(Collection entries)
━━━━━━━━
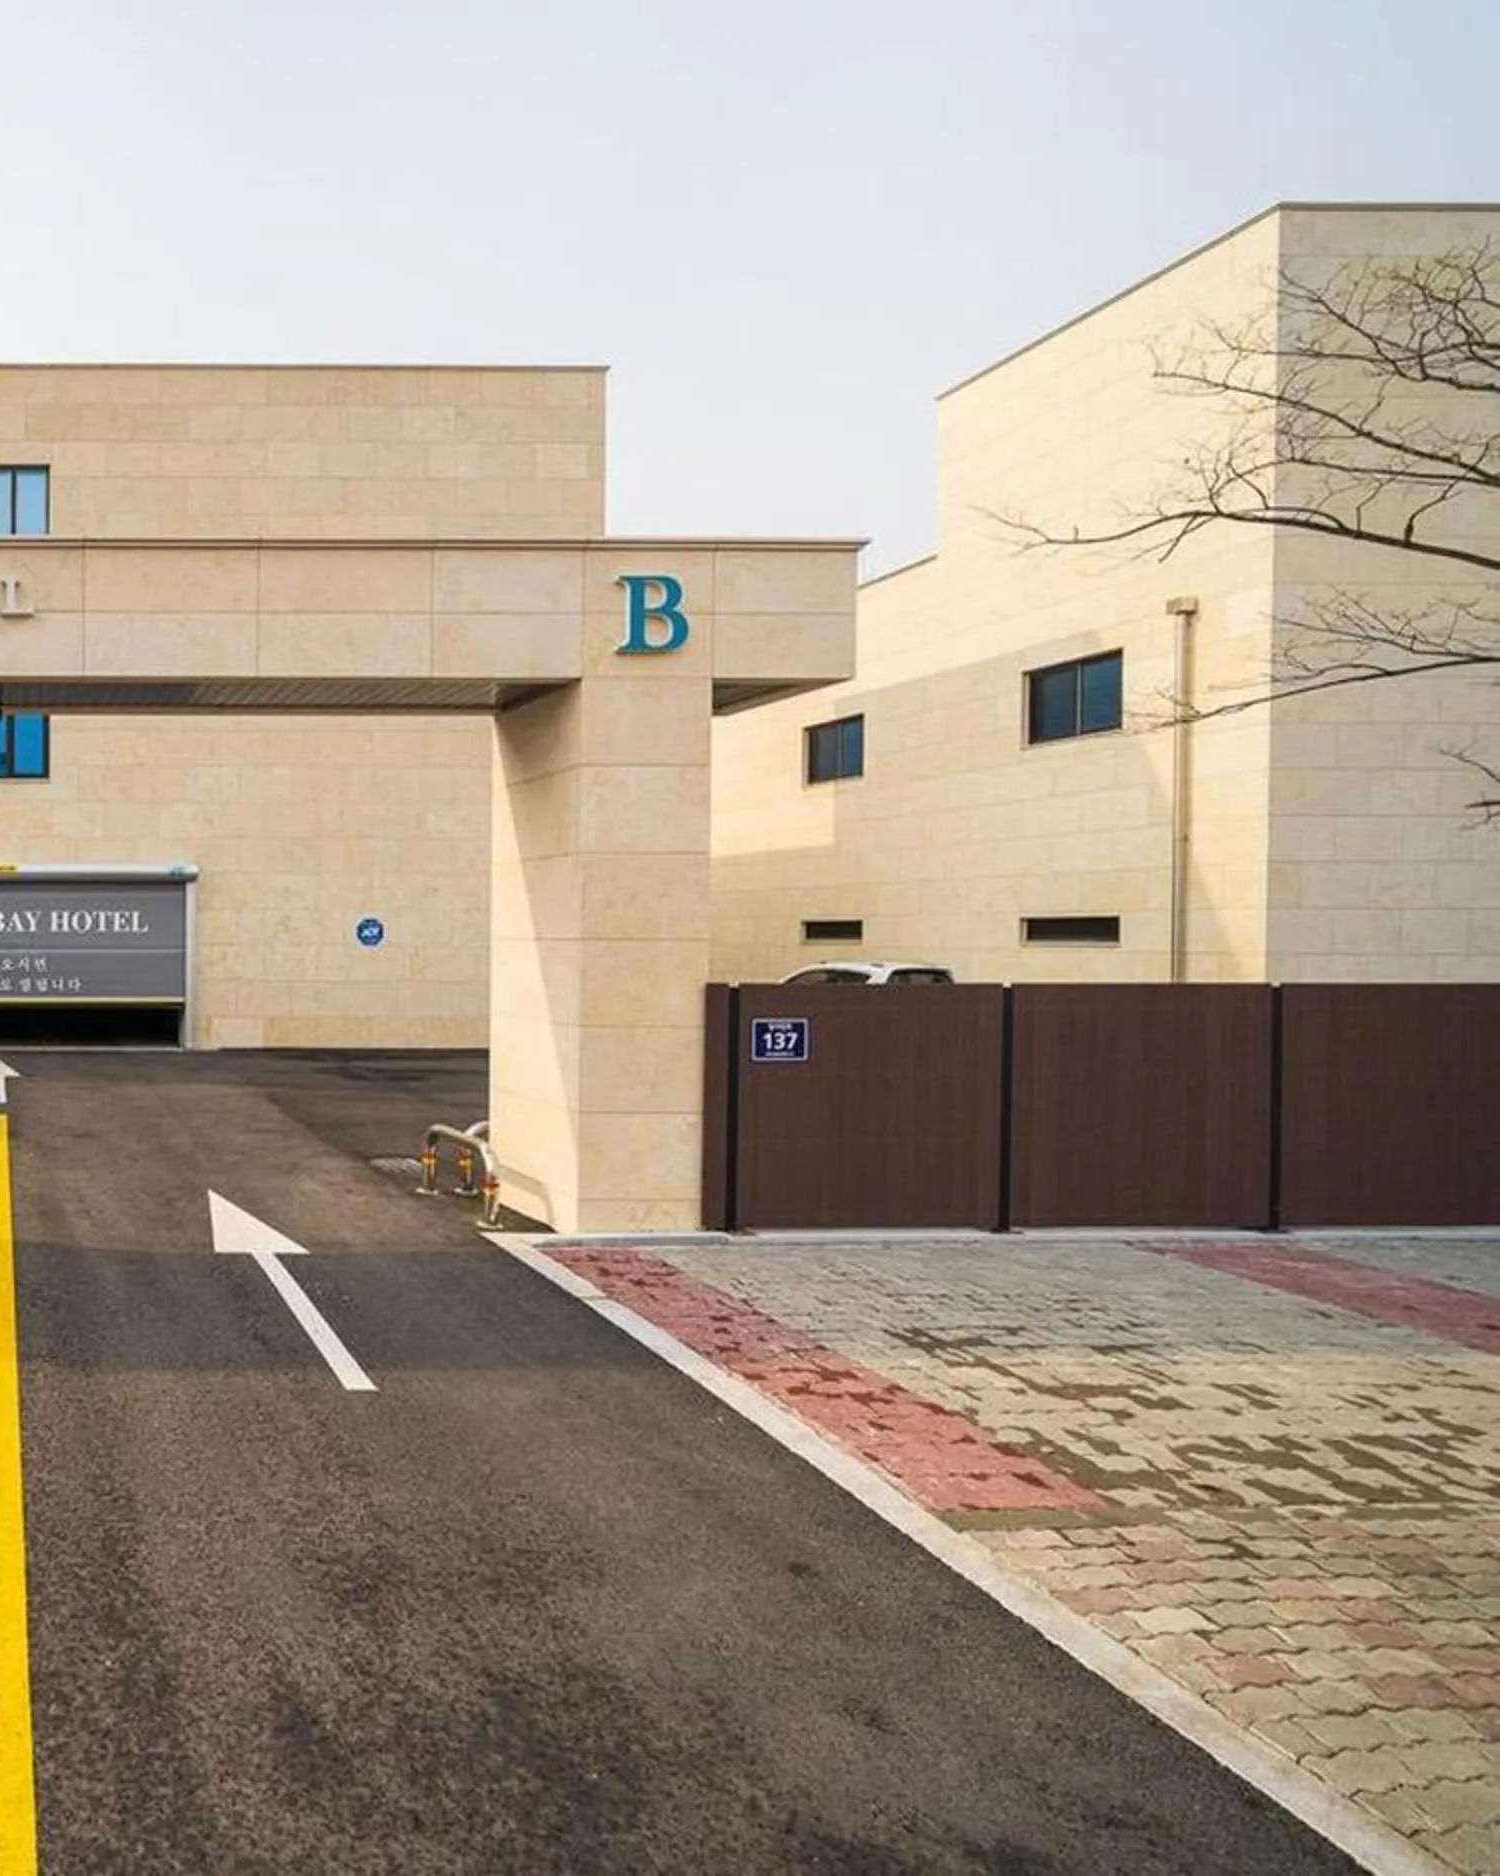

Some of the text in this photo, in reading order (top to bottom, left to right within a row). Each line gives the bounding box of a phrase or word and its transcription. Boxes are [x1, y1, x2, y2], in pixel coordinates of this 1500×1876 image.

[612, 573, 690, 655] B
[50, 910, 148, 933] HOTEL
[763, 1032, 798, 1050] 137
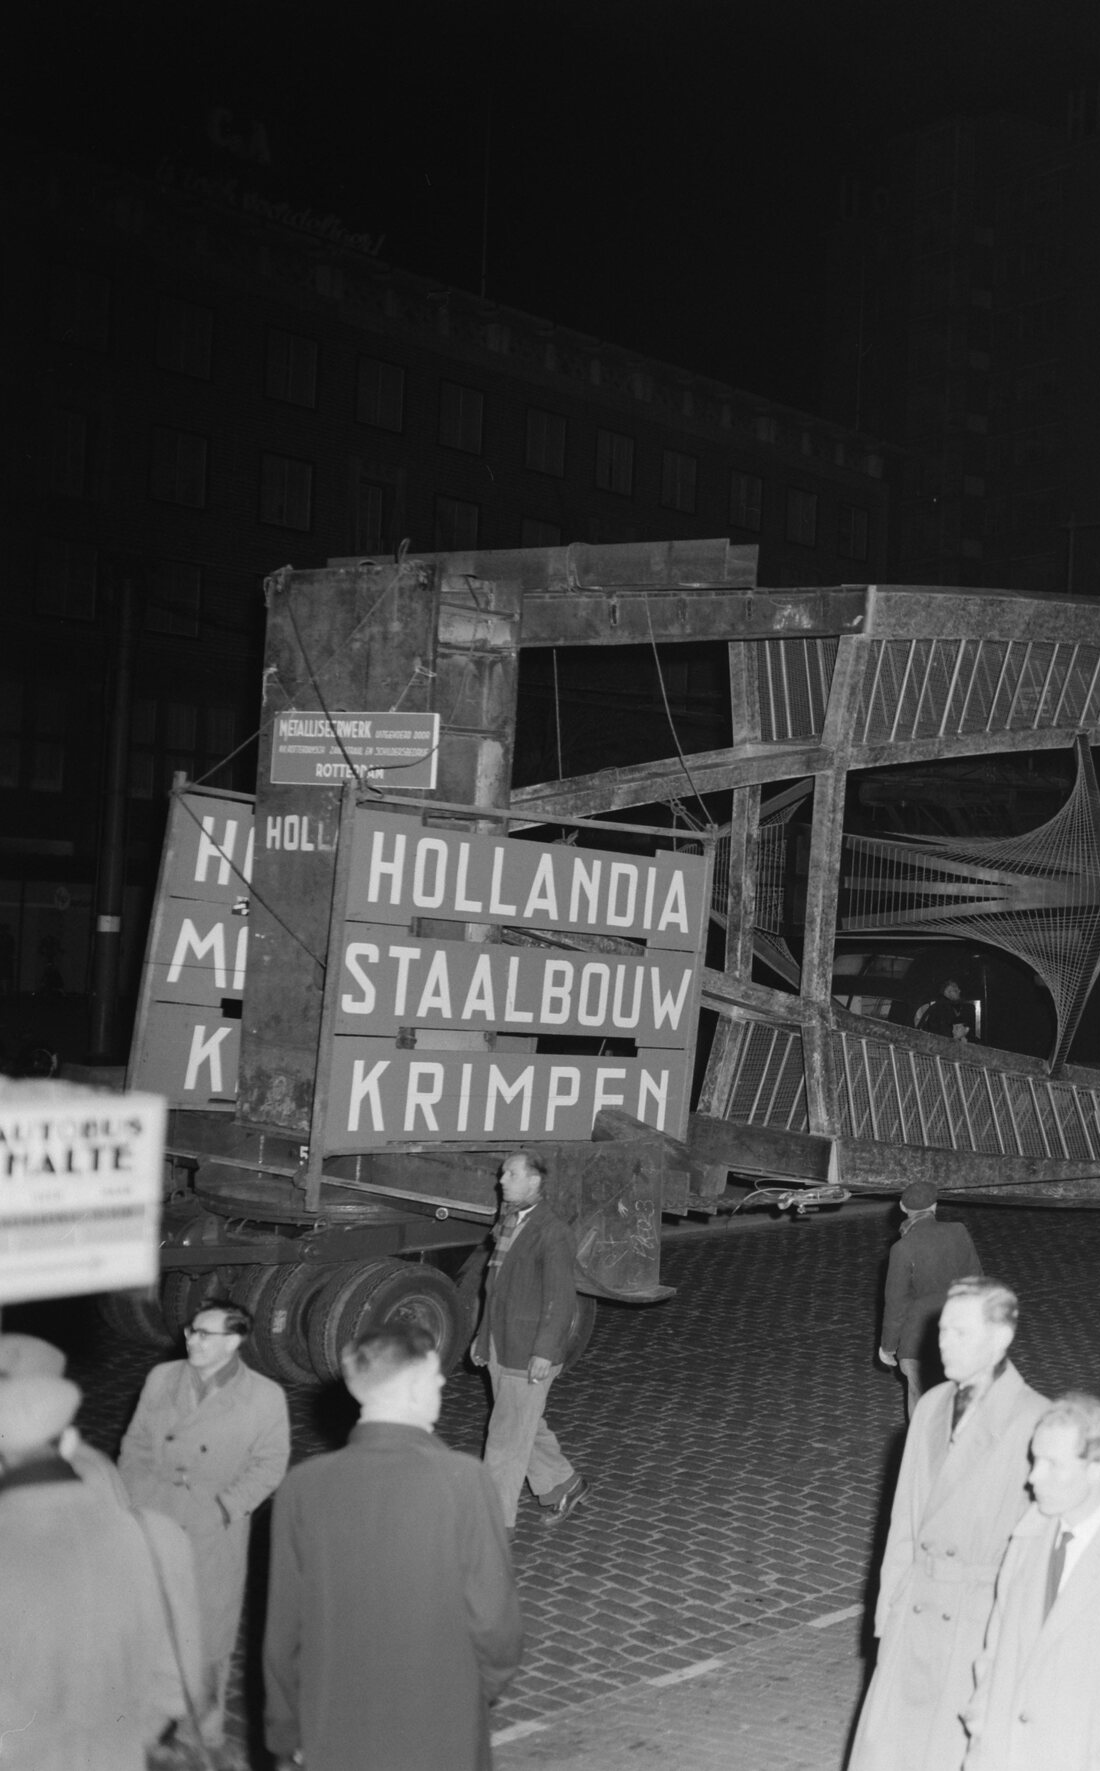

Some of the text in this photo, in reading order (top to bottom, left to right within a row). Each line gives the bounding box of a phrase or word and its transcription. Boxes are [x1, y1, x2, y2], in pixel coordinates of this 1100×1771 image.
━━━━━━━━
● Task
Word for word, give the entries back in full; the pictures do not belong in the copy.

● Your solution
Some of the text in this photo, in reading order (top to bottom, left to right within a row). Each line gives the bounding box of a phrase or word and its transcription. Boxes are [x1, y1, x2, y2], in pixel coordinates of this 1500×1876 image.

[612, 573, 690, 655] B
[50, 910, 148, 933] HOTEL
[763, 1032, 798, 1050] 137

Some of the text in this photo, in reading order (top to bottom, left to right within a row). Each line gives the bounding box of a phrase or word and its transcription. Boxes are [x1, y1, x2, y2], in pixel coordinates of this 1100×1771 image.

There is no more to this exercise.